- The problem -
Write the listing out once more, identical to the original but without pictures.

- Source material -
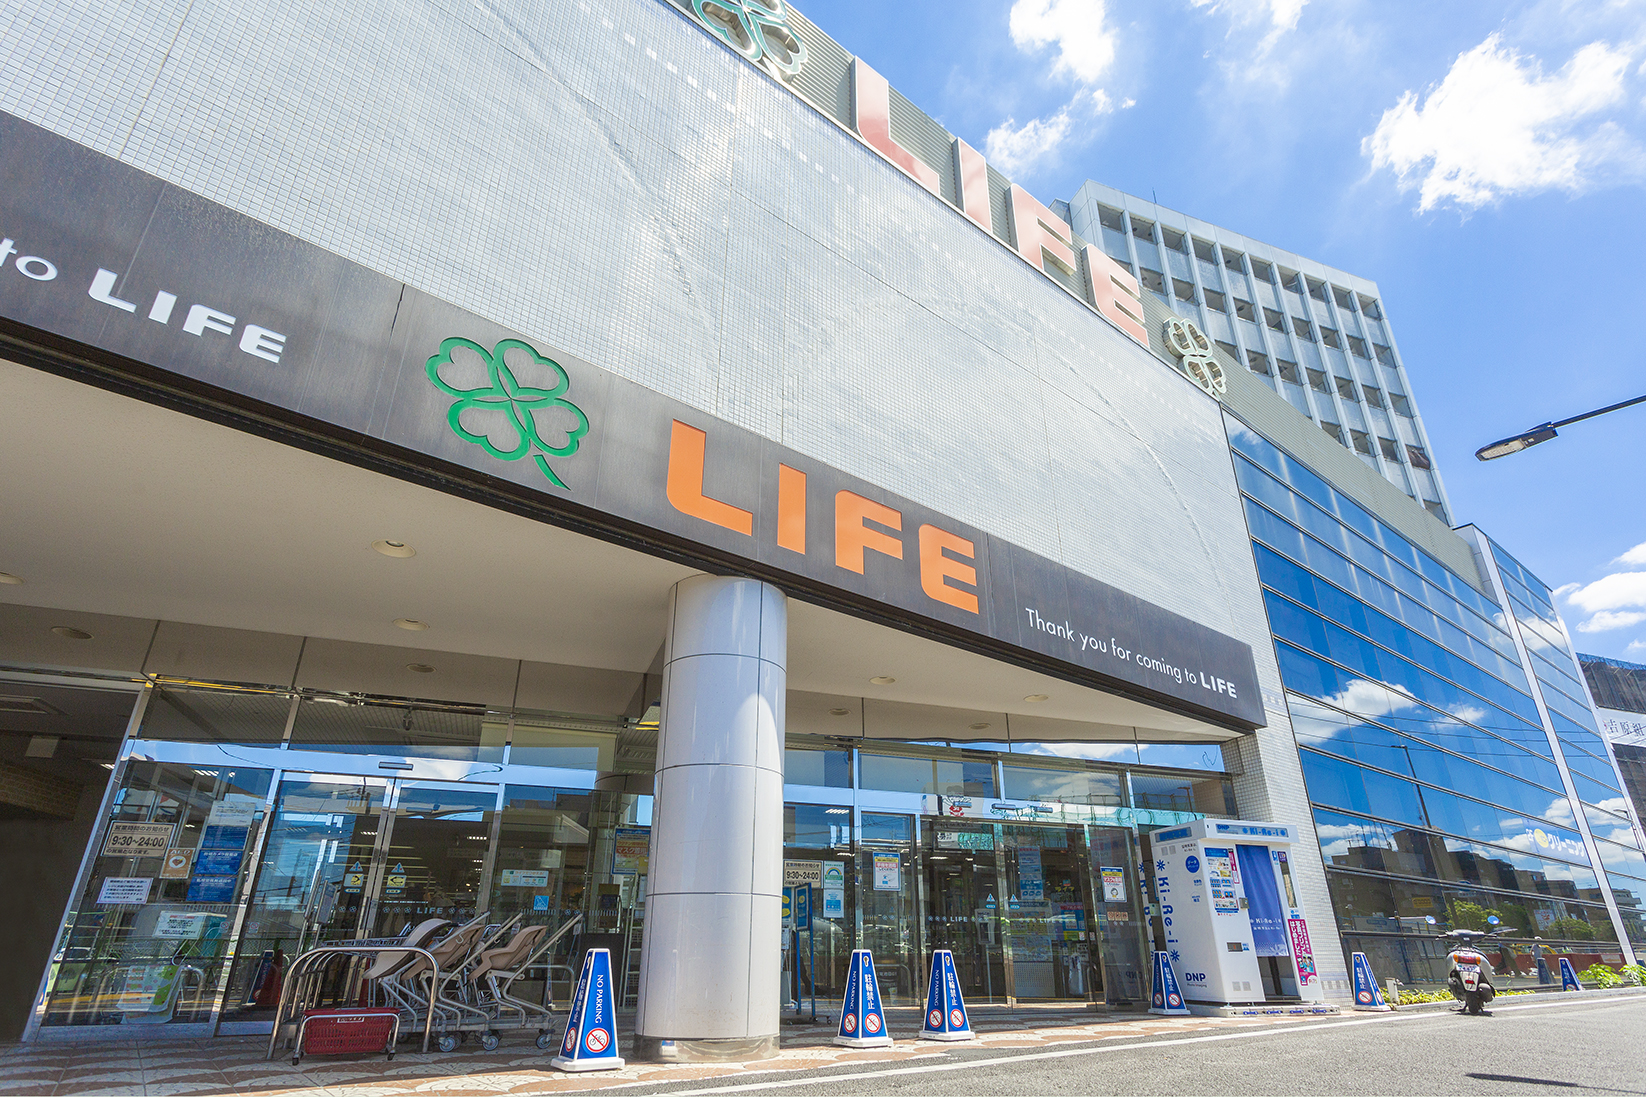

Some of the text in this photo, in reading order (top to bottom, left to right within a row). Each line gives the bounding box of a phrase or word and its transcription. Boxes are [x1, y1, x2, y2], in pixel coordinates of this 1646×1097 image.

[850, 55, 1150, 351] LIFE
[88, 268, 287, 363] LIFE
[666, 418, 979, 615] LIFE
[1025, 607, 1237, 699] Thank you for coming to LIFE
[1547, 833, 1586, 857] クリーニング
[1158, 877, 1178, 943] Ki-Re-i
[594, 974, 604, 1024] NO PARKING
[864, 973, 875, 1010] 駐輪禁止
[1185, 972, 1206, 982] DNP

- Solution for this exercise -
Some of the text in this photo, in reading order (top to bottom, left to right within a row). Each line gives the bounding box of a phrase or word and its transcription. Boxes are [x1, y1, x2, y2], in pixel coordinates of this 1646×1097 image.

[850, 55, 1150, 351] LIFE
[88, 268, 287, 363] LIFE
[666, 418, 979, 615] LIFE
[1025, 607, 1237, 699] Thank you for coming to LIFE
[1547, 833, 1586, 857] クリーニング
[1158, 877, 1178, 943] Ki-Re-i
[594, 974, 604, 1024] NO PARKING
[864, 973, 875, 1010] 駐輪禁止
[1185, 972, 1206, 982] DNP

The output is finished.